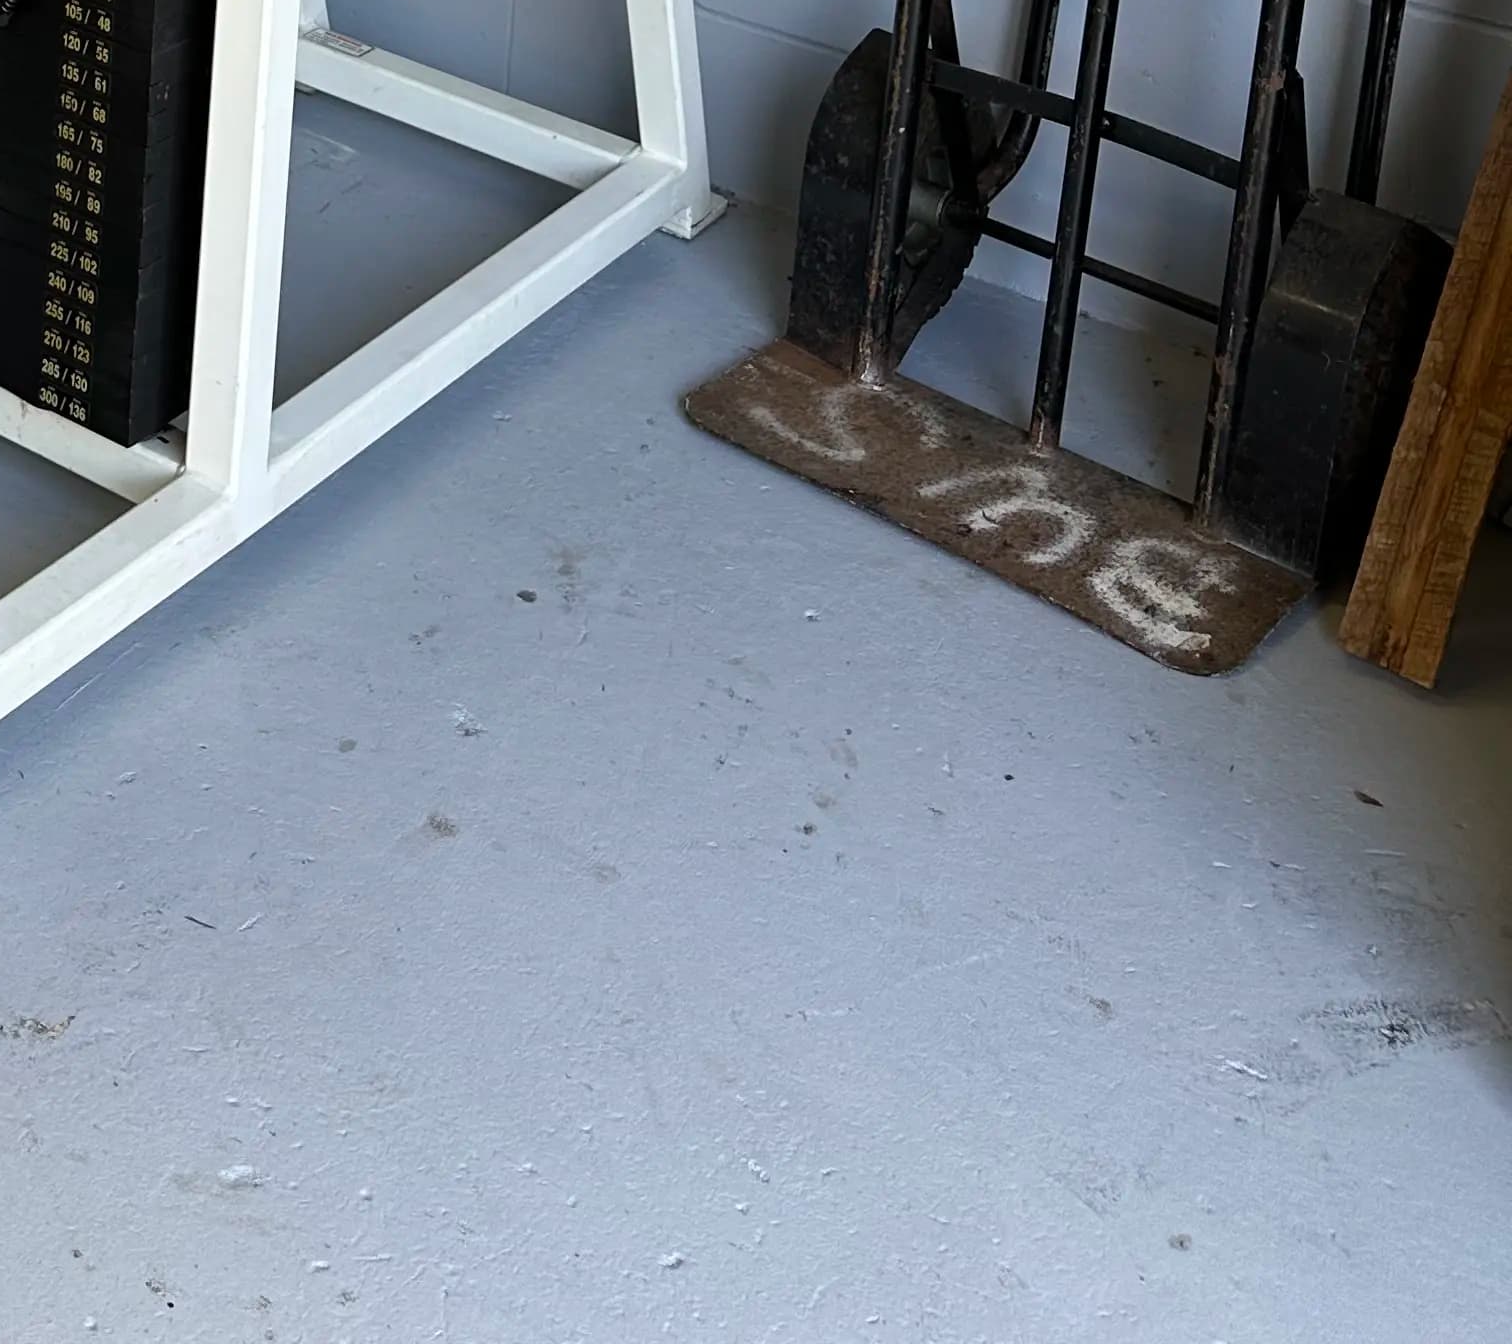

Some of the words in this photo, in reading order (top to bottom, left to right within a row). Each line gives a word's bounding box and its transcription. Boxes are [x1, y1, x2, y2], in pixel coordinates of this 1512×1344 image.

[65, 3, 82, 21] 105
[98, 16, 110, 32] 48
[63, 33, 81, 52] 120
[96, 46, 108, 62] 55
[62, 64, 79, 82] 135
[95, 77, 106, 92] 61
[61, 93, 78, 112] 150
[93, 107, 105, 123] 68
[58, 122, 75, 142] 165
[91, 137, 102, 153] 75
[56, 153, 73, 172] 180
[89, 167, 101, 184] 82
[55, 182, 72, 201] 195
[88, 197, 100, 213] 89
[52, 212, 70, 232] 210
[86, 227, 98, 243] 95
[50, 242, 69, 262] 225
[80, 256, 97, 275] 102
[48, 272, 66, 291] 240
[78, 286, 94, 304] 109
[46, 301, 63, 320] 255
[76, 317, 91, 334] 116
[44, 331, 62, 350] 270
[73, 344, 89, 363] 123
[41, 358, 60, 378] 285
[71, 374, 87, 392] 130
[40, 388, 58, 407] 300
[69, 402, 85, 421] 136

○ ○ ○ ○ ○ ○ ○

Retype all the entries exactly; drop the pictures.

Some of the words in this photo, in reading order (top to bottom, left to right within a row). Each line gives a word's bounding box and its transcription. Boxes are [x1, y1, x2, y2], in pixel coordinates of this 1512×1344 image.

[65, 3, 82, 21] 105
[98, 16, 110, 32] 48
[63, 33, 81, 52] 120
[96, 46, 108, 62] 55
[62, 64, 79, 82] 135
[95, 77, 106, 92] 61
[61, 93, 78, 112] 150
[93, 107, 105, 123] 68
[58, 122, 75, 142] 165
[91, 137, 102, 153] 75
[56, 153, 73, 172] 180
[89, 167, 101, 184] 82
[55, 182, 72, 201] 195
[88, 197, 100, 213] 89
[52, 212, 70, 232] 210
[86, 227, 98, 243] 95
[50, 242, 69, 262] 225
[80, 256, 97, 275] 102
[48, 272, 66, 291] 240
[78, 286, 94, 304] 109
[46, 301, 63, 320] 255
[76, 317, 91, 334] 116
[44, 331, 62, 350] 270
[73, 344, 89, 363] 123
[41, 358, 60, 378] 285
[71, 374, 87, 392] 130
[40, 388, 58, 407] 300
[69, 402, 85, 421] 136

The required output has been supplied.